The Nation's Capital has retained its position as the top performing hotel market in the country, swiftly followed by Cairns and Sydney, posting double digit RevPar growth for the first time this decade according to CBRE’s latest Australia Hotels MarketView.
CBRE Research Manager Ben Martin-Henry said RevPar (revenue per available room) increased 10.4% in the 12 months to the end of Q2, following a 5.4% increase in average daily rates and a 5.4% increase in occupancy.
“Canberra held onto the top spot as the year’s best performer, despite strong competition from Cairns and Sydney,” Mr Martin-Henry said.
“This illustrates a marked turnaround in the fortunes of a market that suffered from strong supply growth in the early part of the decade. That increased supply has now been fully absorbed and the new hotel product is having a positive impact on the market’s overall performance.”
CBRE’s ACT Managing Director Michael Heather said the results aligned with fast growth in the broader ACT economy.
“The economy is being fueled by strong job and population growth as well as major infrastructure projects such as the Light Rail, which look to be having positive spin-offs for the city’s hotel operators,” Mr Heather said.
“These nation leading results also follow the commencement late last year of the first direct international flights to Canberra from Singapore and Wellington.”
At a national level, CBRE’s MarketView highlights that Cairns has been the strongest performing leisure market, despite decreases in domestic visitation which have slowed occupancy increases.
There has also been some positive news for Brisbane and Darwin, with both markets recording small increases in occupancy rates. However, this was not enough to halt the decline in room rates in both cities.
Mr Martin-Henry said the Melbourne market remained flat, with minimal increases in room rates and occupancy. This was in direct contrast to Sydney, which continued to post strong growth.
On the investment front, CBRE Hotels National Director Wayne Bunz said the report highlighted that just over $600 million in hotel transactions were completed in the first half of 2017 – the lowest level since 2014.

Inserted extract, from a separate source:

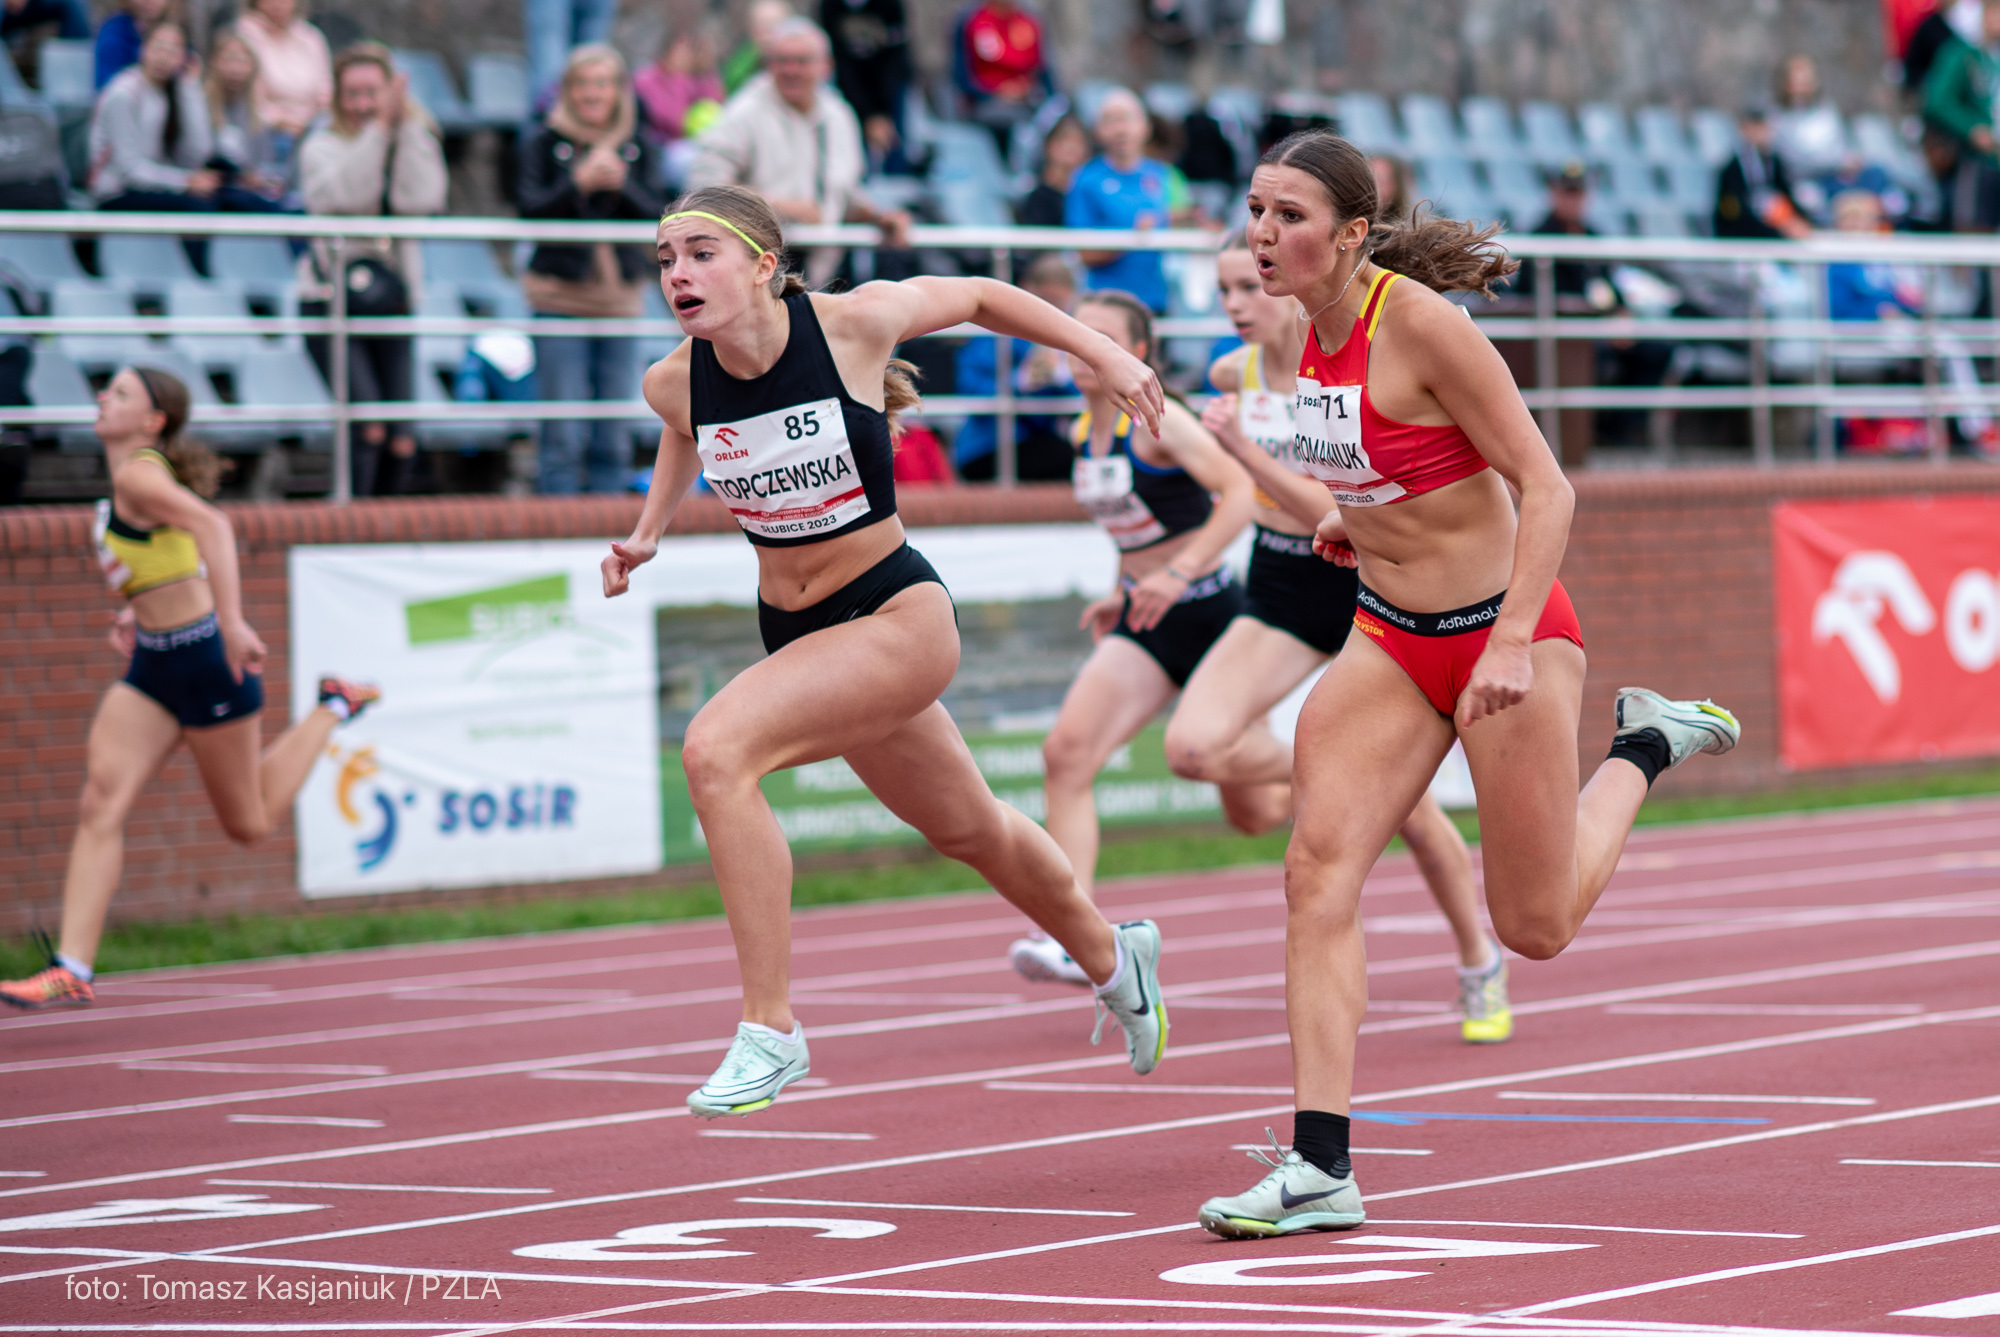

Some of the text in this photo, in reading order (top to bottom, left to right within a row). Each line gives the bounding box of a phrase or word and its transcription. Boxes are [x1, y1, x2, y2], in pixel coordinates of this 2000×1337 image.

“The hotel markets in major hubs such as Sydney and Melbourne remain tightly held, so it is unsurprising that transaction volumes have been muted compared to previous years,” Mr Bunz said.
“Owners have been unwilling to park with prized assets, despite a strong appetite from investors to increase their hotel holdings, and this trend is unlikely to change in the second half of 2017.”
Mr Bunz said the lack of available investment stock was helping to fuel interest in development opportunities, providing an entry point for buyers and the opportunity to capitalise on the strength in Australia’s tourism market.
“This is particularly evident in markets such as Cairns, with applications lodged for over 400 new rooms in a city that hasn’t seen a new hotel in almost 20 years,” Mr Bunz said.